This workshop seeks contributions from researchers across machine learning, statistics, philosophy of science, decision theory, and related disciplines to explore theoretical foundations, algorithmic innovations, and practical applications that center around epistemic uncertainty (EU). We welcome works-in-progress and mature research that address the central challenge of reasoning and decision-making under epistemic uncertainty.
Topics of interest include, but are not limited to
Representing and Measuring Epistemic Uncertainty
Mathematical frameworks for EU: Bayesian methods, imprecise probability, fuzzy logic, belief functions, possibility theory, etc.
Comparisons and formal properties of uncertainty representations
Evaluation criteria and benchmarking strategies for uncertainty quantification methods
Epistemic vs aleatoric uncertainty: delineation and interaction
Prediction Under Epistemic Uncertainty
Predictive models that capture and express EU: Bayesian models, evidential deep learning, credal models
Generalisation under distribution shifts, domain adaptation, and robustness analysis
OOD detection and safe prediction under model misspecification
Learning under partial or vague supervision
Decision-Making and Learning Under Epistemic Uncertainty
Risk-sensitive and ambiguity-aware decision-making frameworks
Uncertainty quantification in generative models
Active learning, Bayesian experimental design, and uncertainty-aware optimisation
EU in reinforcement learning, continual learning, and online learning setting
Integration of principled uncertainty models into large-scale architectures (e.g., transformers, diffusion models)

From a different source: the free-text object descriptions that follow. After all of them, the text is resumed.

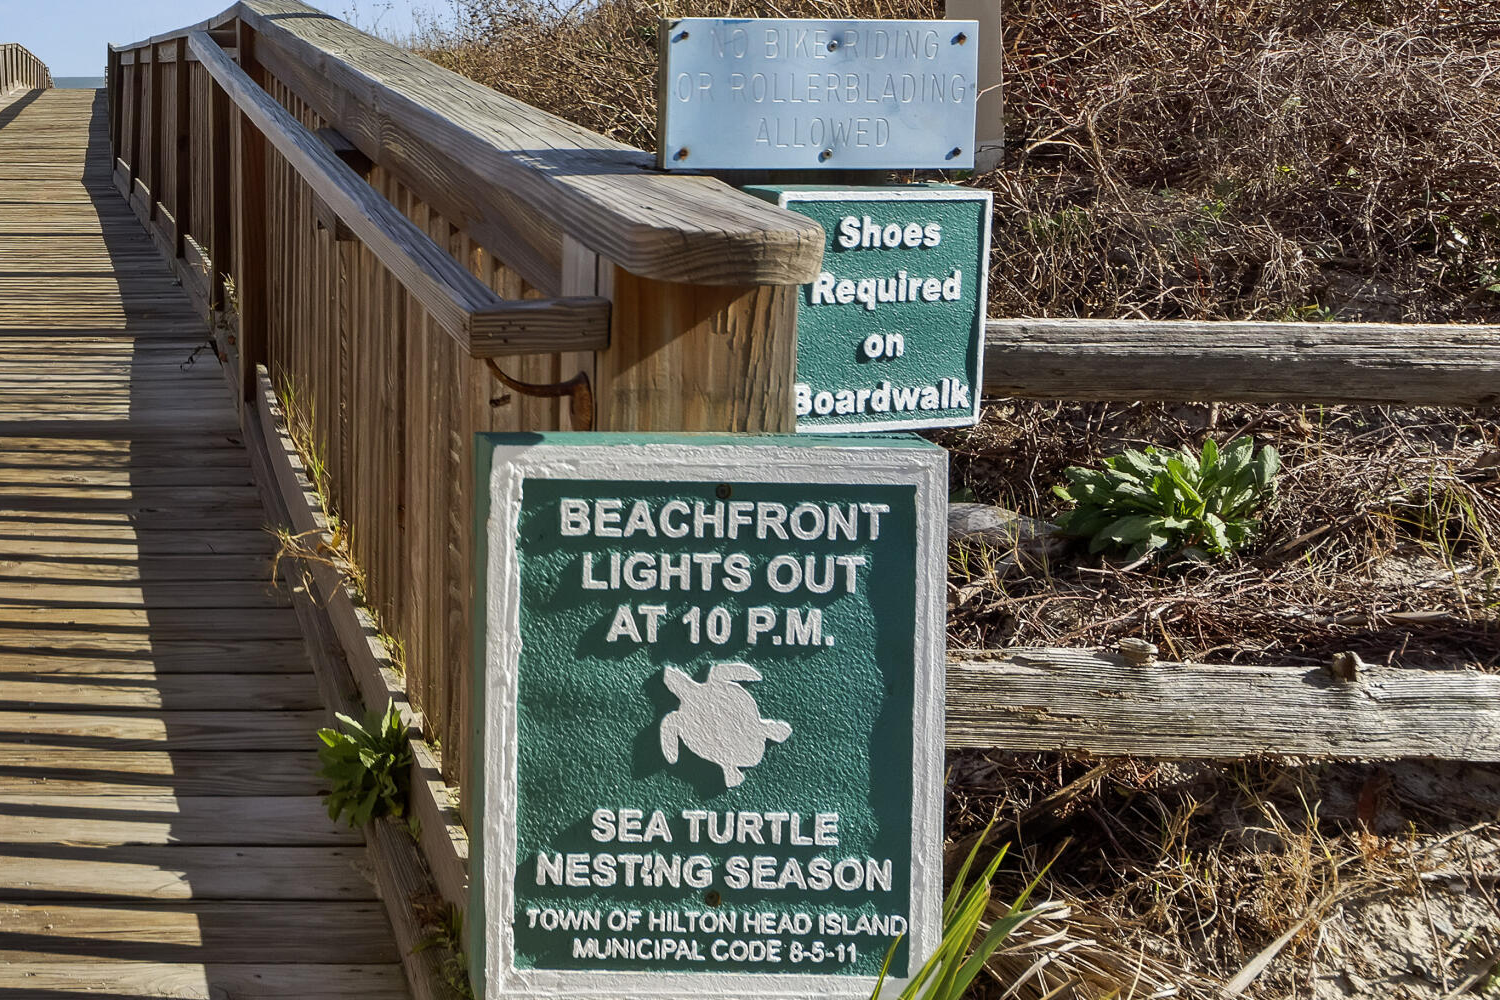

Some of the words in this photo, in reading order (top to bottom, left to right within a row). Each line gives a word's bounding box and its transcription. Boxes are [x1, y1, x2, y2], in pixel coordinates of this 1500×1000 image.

[709, 28, 749, 60] NO
[764, 29, 829, 60] BIKE
[843, 29, 940, 60] RIDING
[676, 72, 715, 104] OR
[731, 72, 967, 105] ROLLERBLADING
[755, 117, 891, 149] ALLOWED
[837, 215, 942, 249] Shoes
[811, 269, 963, 312] Required
[863, 332, 905, 359] on
[794, 377, 971, 417] Boardwalk
[560, 498, 891, 541] BEACHFRONT
[581, 552, 752, 593] LIGHTS
[766, 554, 867, 594] OUT
[605, 604, 668, 644] AT
[682, 606, 733, 646] 10
[747, 606, 835, 648] P.M.
[590, 808, 673, 843] SEA
[681, 809, 840, 847] TURTLE
[535, 852, 714, 889] NESTING
[723, 857, 893, 892] SEASON
[526, 909, 601, 931] TOWN
[607, 910, 641, 932] OF
[648, 911, 736, 935] HILTON
[743, 913, 813, 936] HEAD
[818, 914, 909, 938] ISLAND
[572, 937, 706, 962] MUNICIPAL
[710, 939, 782, 963] CODE
[789, 942, 858, 964] 8-5-11

Scalable algorithms for traditionally intractable uncertainty models
We encourage both theoretical contributions and applied case studies. Submissions that challenge prevailing assumptions, propose novel benchmarks, or provide insights into the philosophical and foundational dimensions of uncertainty in AI are especially welcome.
Submissions should present novel, unpublished work. Work that previously appeared in non-archival venues (such as arXiv or other workshops without proceedings) is allowed. All submitting authors are required to have an OpenReview profile: please ensure that these are up-to-date before submitting.
Submission Instructions
To submit your paper, please consider the following instructions and guidelines:
All contributions should be made via OpenReview.
We welcome submissions of original, unpublished material, as well as work that is currently under review (i.e. has been submitted but not yet accepted elsewhere). Note that new OpenReview profiles created without an institutional email will go through a moderation process that can take up to two weeks while those created with an institutional email will be activated automatically.
Page limit: Papers should be up to 4-6 pages, excluding references and supplementary materials.
Template: Please use the NeurIPS 2025 Latex style files.
Double blind reviews: authors should anonymize their submissions to ensure a double blind review process.
LLMs policy: In the preparation of your contributions, the use of LLMs is allowed only as a general-purpose writing assist tool.
Publication. EIML workshop is non-archival, and should thus generally not violate dual submission policies at other archival venues (e.g., submitting work that is currently under review at another conference is permitted); if unsure, please check with the corresponding venue.
Attending the workshop. Our workshop is primarily an in-person event, and authors are asked to present a poster at the workshop if possible. A subset of papers will be selected for presentation in short 10-minute spotlight talks.